Но голос — ровный, хорошо модулированный, со знакомой ей необычной мелодикой, ответил ей смехом — негромким выразительным смешком. Навеселившись вволю, он сказал:

— Оказывается, вы та еще штучка.

Да, она знала. Эмма осторожно повернулась, держа ладонь на дверной ручке.

— Будь умницей и не вздумай бежать, — предупредил ее голос.

Потом наступила пауза. Сопение.

— Мне будет легко тебя поймать. Бегаешь ты, как подстреленный кролик. Ты даже не успеешь до середины коридора добежать.

Она передернула плечами, заморгала. Подстреленный кролик? Это оскорбление? Ну, явно не комплимент. Он ее поймает? Не так уж это и очевидно. У нее фора в десять футов, к тому же она стоит на ногах, а он лежит, ибо там, за балдахином — на кровати, конечно, — он весьма вальяжно устроился. Она видела его ступню. Ступню его ноги на своей кровати.

Как бы там ни было, сердце ее взволнованно запрыгало: как тут не расстроиться, если, возвращаясь в свой, и только свой, номер, обнаруживаешь, что он не пуст?

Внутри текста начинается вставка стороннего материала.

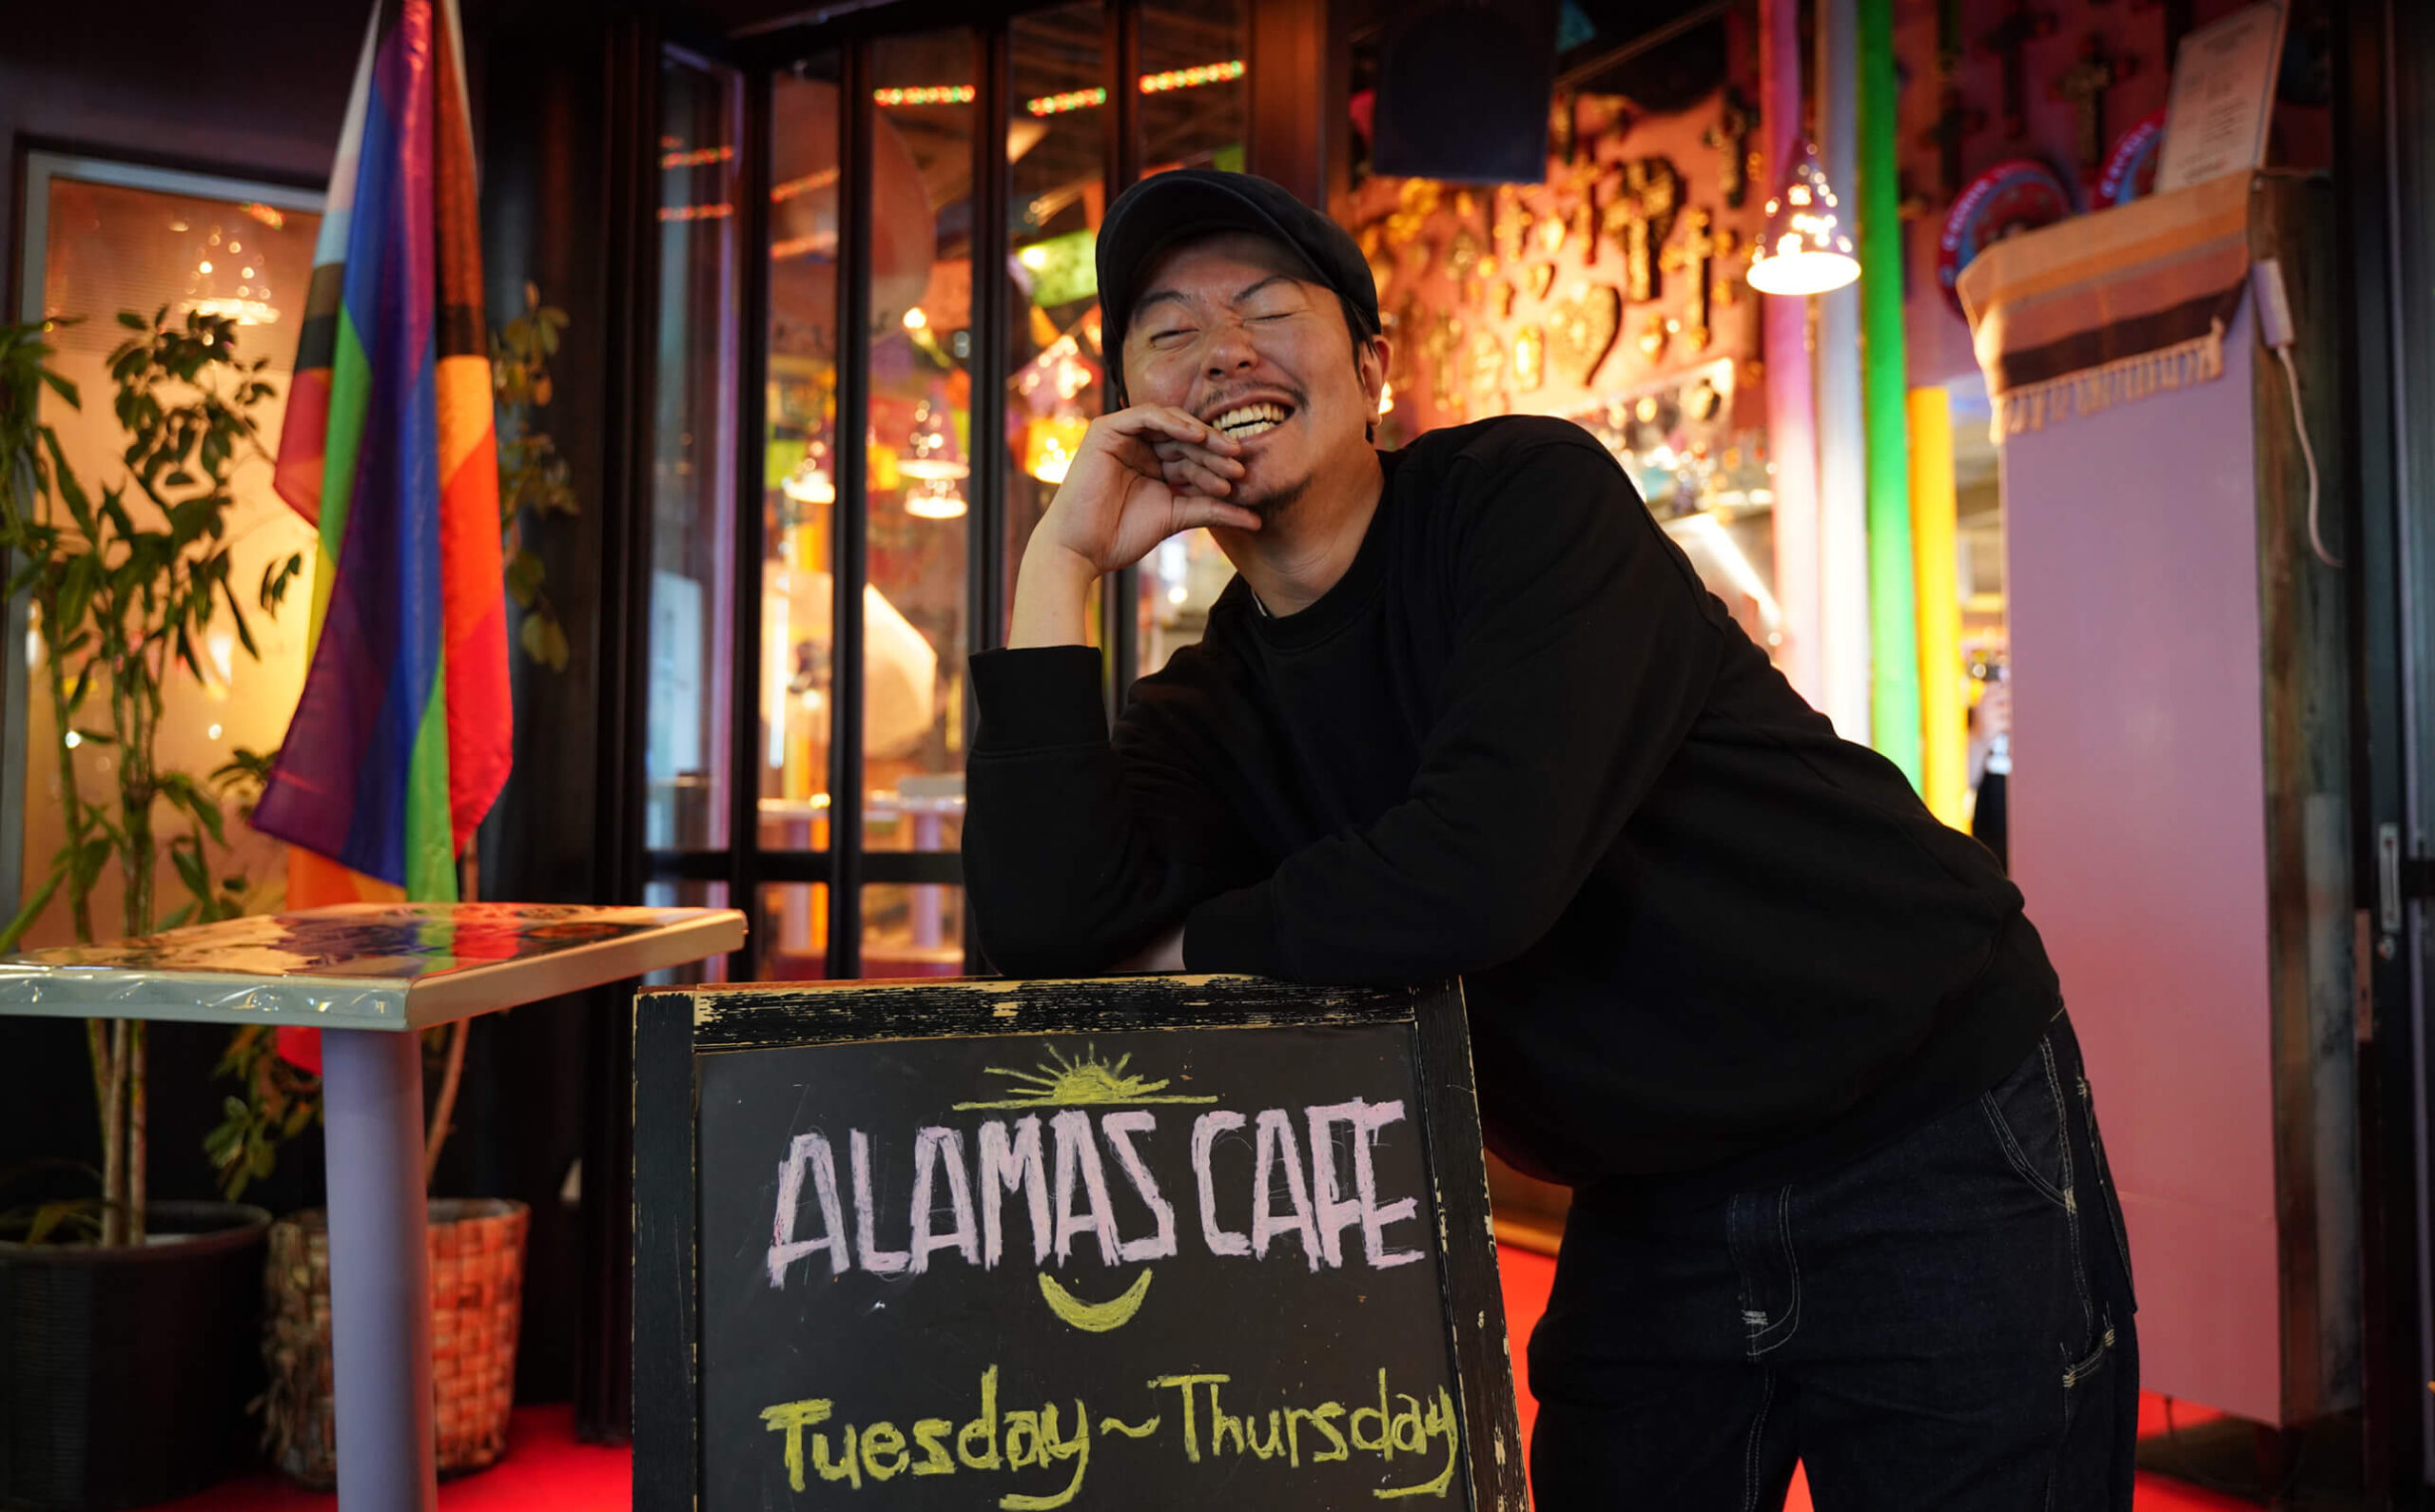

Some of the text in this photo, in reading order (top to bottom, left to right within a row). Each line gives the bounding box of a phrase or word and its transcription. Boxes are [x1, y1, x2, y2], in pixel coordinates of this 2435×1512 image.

[767, 1097, 1425, 1288] ALAMAS CAFE
[759, 1364, 1091, 1511] Tuesday

Человек за балдахином, чье очертание она видела довольно смутно, не проявлял агрессивности в движениях. Эмма с бешено бьющимся сердцем стояла у двери, пытаясь понять: что мог этот человек делать здесь, зачем он угрожает пуститься за ней в погоню? Со своей точки она могла видеть, что мужчина на ее кровати был очень высок. Он лежал, вытянув одну ногу, а другую согнув в колене и опираясь подошвой о... Боже! Его нога в сапоге — сапоги из мягкой до блеска начищенной кожи стояли на его же собственном пальто. И в этот момент сердце ее упало и перевернулось.

На ее кровать было небрежно брошено пальто виконта Монт-Виляра, а рядом с ним лежал сам виконт. Сейчас она была в этом совершенно уверена. Стюарт Эйсгарт полулежал, подложив под спину ее подушки, на меховом пологе — серебристый мех был так густ, что местами собирался складками и переливался.

Эмма тихо повернула ручку у себя за спиной.

— В самом деле, не бегите. Я вас слишком быстро поймаю. Кроме того, от бега вы задохнетесь, а я бы хотел, что бы с дыханием у вас на настоящий момент было все в порядке. Мы должны поговорить.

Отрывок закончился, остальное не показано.